## Work order
Output each record below exactly. No images go in the copy.

## Listed entries
□ □ □ □

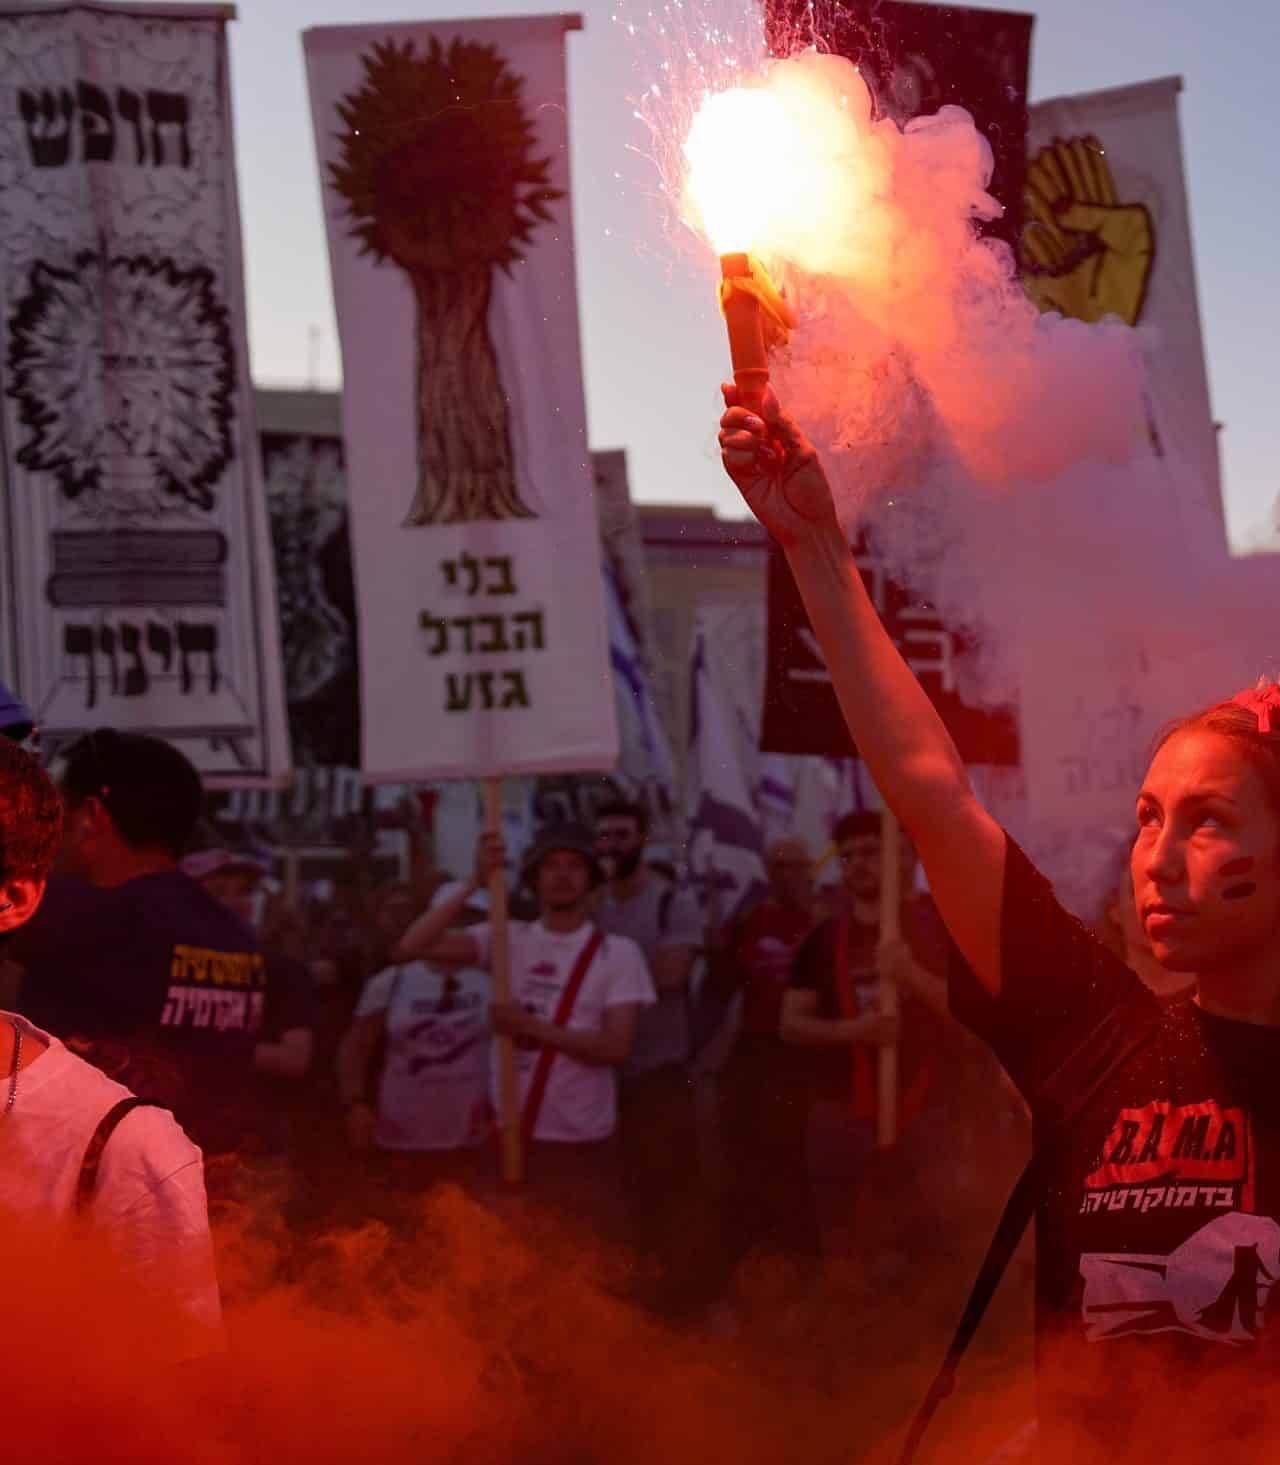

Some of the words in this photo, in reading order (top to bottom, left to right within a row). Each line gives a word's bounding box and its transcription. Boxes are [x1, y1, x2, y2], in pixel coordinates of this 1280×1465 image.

[18, 79, 191, 168] חופש
[442, 551, 517, 598] בלי
[419, 609, 544, 657] הבדל
[64, 622, 218, 709] חינוך
[444, 671, 530, 714] גזע
[1079, 1186, 1234, 1214] בדמוקרטיה!

□ □ □ □

## Response to this exercise
Some of the words in this photo, in reading order (top to bottom, left to right within a row). Each line gives a word's bounding box and its transcription. Boxes are [x1, y1, x2, y2], in pixel coordinates of this 1280×1465 image.

[18, 79, 191, 168] חופש
[442, 551, 517, 598] בלי
[419, 609, 544, 657] הבדל
[64, 622, 218, 709] חינוך
[444, 671, 530, 714] גזע
[1079, 1186, 1234, 1214] בדמוקרטיה!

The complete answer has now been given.